While I strongly believe the social safety net should be better provided as a voluntary offering, until that exists, it is essential to maintain the governmental safety net. The GOP seems to believe that the best way to move toward anything is to simply force the issue – starve the beast, so to speak. I don’t believe we can nor should do that until the demand for the services is decreased.
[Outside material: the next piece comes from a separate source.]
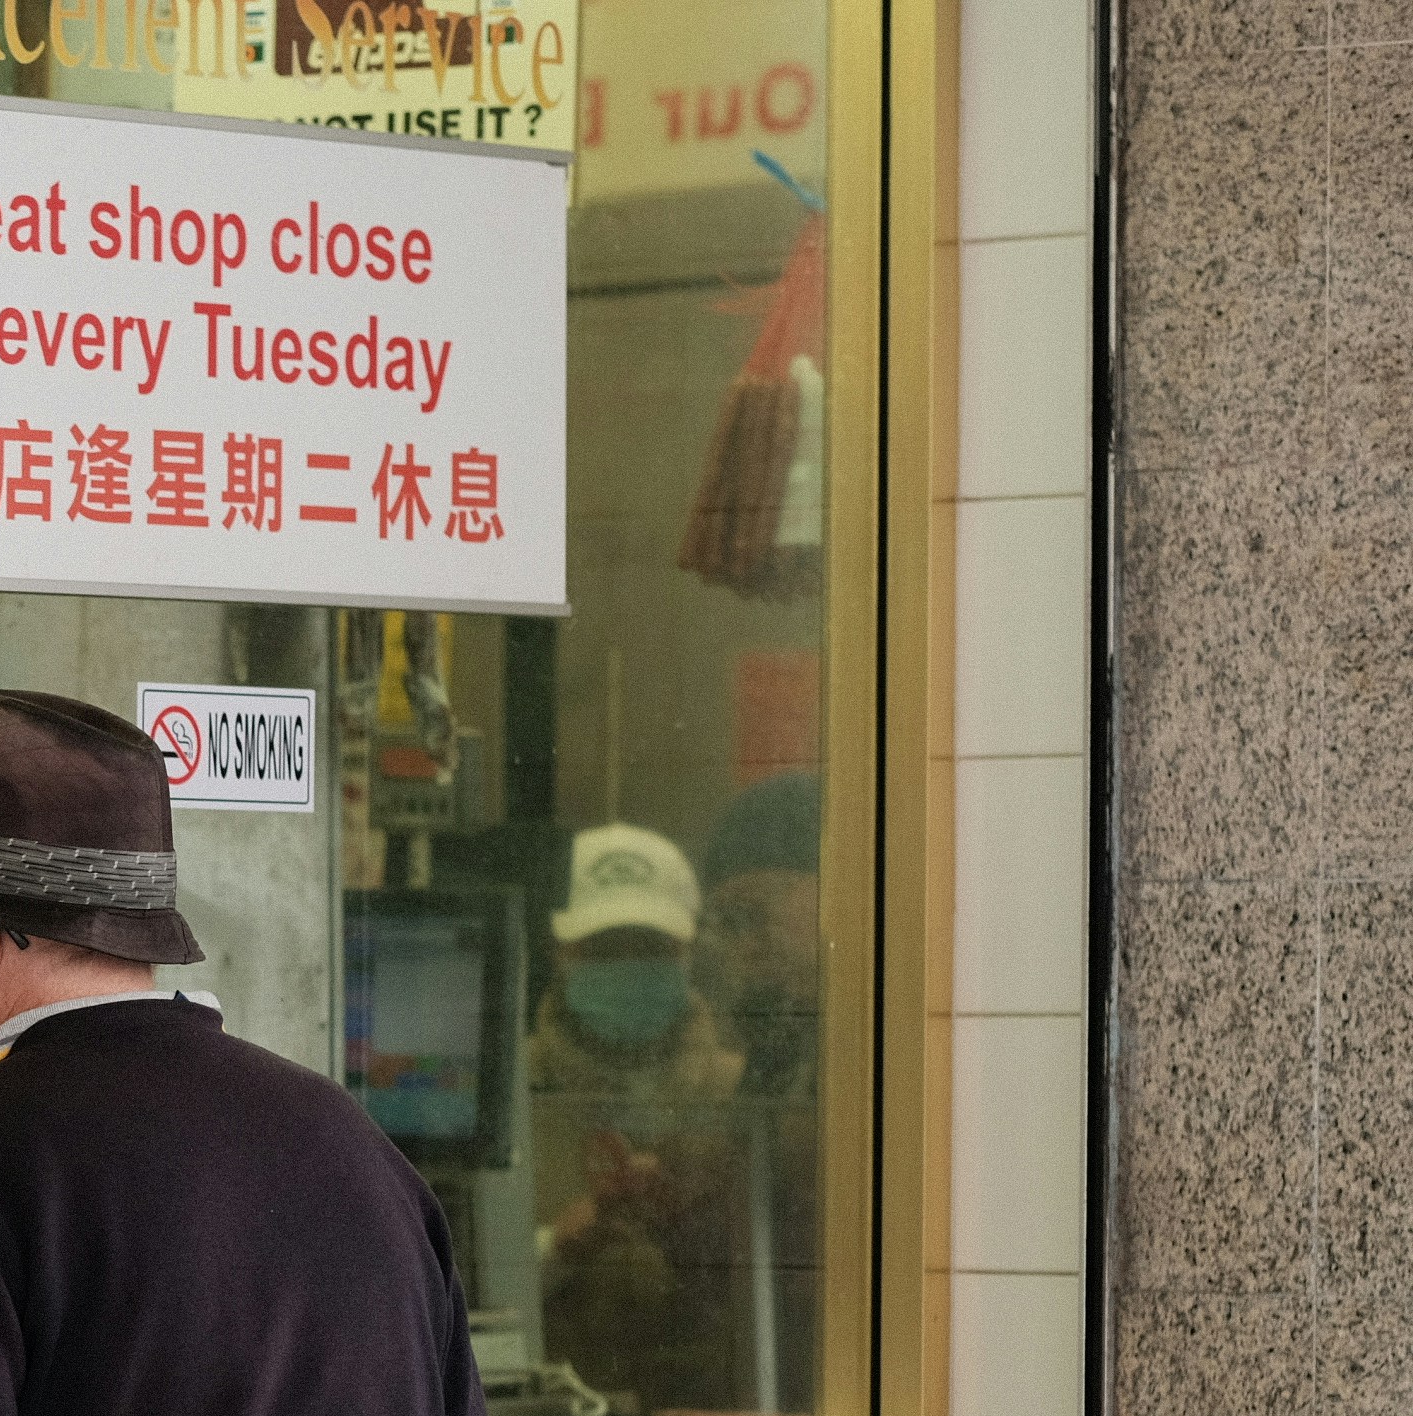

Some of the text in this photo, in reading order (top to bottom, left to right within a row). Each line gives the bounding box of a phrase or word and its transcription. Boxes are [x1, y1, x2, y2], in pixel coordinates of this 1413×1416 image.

I do think there is an appropriate role for government to play. There is danger in private policing and militia. There is danger in private education. There is danger in privately held infrastructure. Everyone, including the 1% most of all, benefits from strong public schools and colleges, strong public infrastructure like roads and bridges and parks, and strong public safety professionals like fire, police, ambulance, and military. I also happen to see healthcare as a public safety issue, but again, until the private sector can come up with charitable hospitals that can survive, the government is likely the only way to provide entree into that system.

The most important aspect of societal life in the US to me is that we avoid the political and economic apartheid that dominated the rest of the world. Democracy as a great experiment holds fundamental that each person, each individual, within society has the same influence in governmental affairs as any other individual or person. In this respect I think the Occupy movement has the right idea. Apartheid is antithetical to democracy. I’d hate to see our democratic experiment end and prove unworkable. We have to re-establish the public good. Ultimately, we need to ensure that government and regulation serve the greater societal good, and that we are not slaves to the faceless “government.” The government is us – ourselves, our friends, our neighbors.

There is an appropriate role for regulation – primarily to prevent the powerful from abusing their position. Ideally (in my view) the powerful would hold a strong obligation toward the other, and would never think to abuse anyone. The Orthodox Christian faith promulgates the belief that our obligation is to the other person, and not ourselves. We have to recognize that some (most?) will not hold this position, particularly the foundationally amoral “corporation.” Thus, those with moral beliefs should advocate regulation to protect us from those without moral beliefs.

Most importantly, though, each one of us needs to envision the world we want. We also need to establish mechanisms within the community where the visions can be expressed, safely and respectfully, and community consensus can emerge. Once everyone is “on the same page” the community can begin to be the change they want to create. The “town meeting” format in the New England heritage is particularly appealing. Perhaps larger urban areas can be broken down into smaller, town meeting amenable units.

As for me, and for my house, we choose to follow Christ. I want a land where that is possible, and where everyone in society has food, clothing, shelter – and health. It is idealistic, and likely will never come into actual existence, but isn’t it a loverly goal?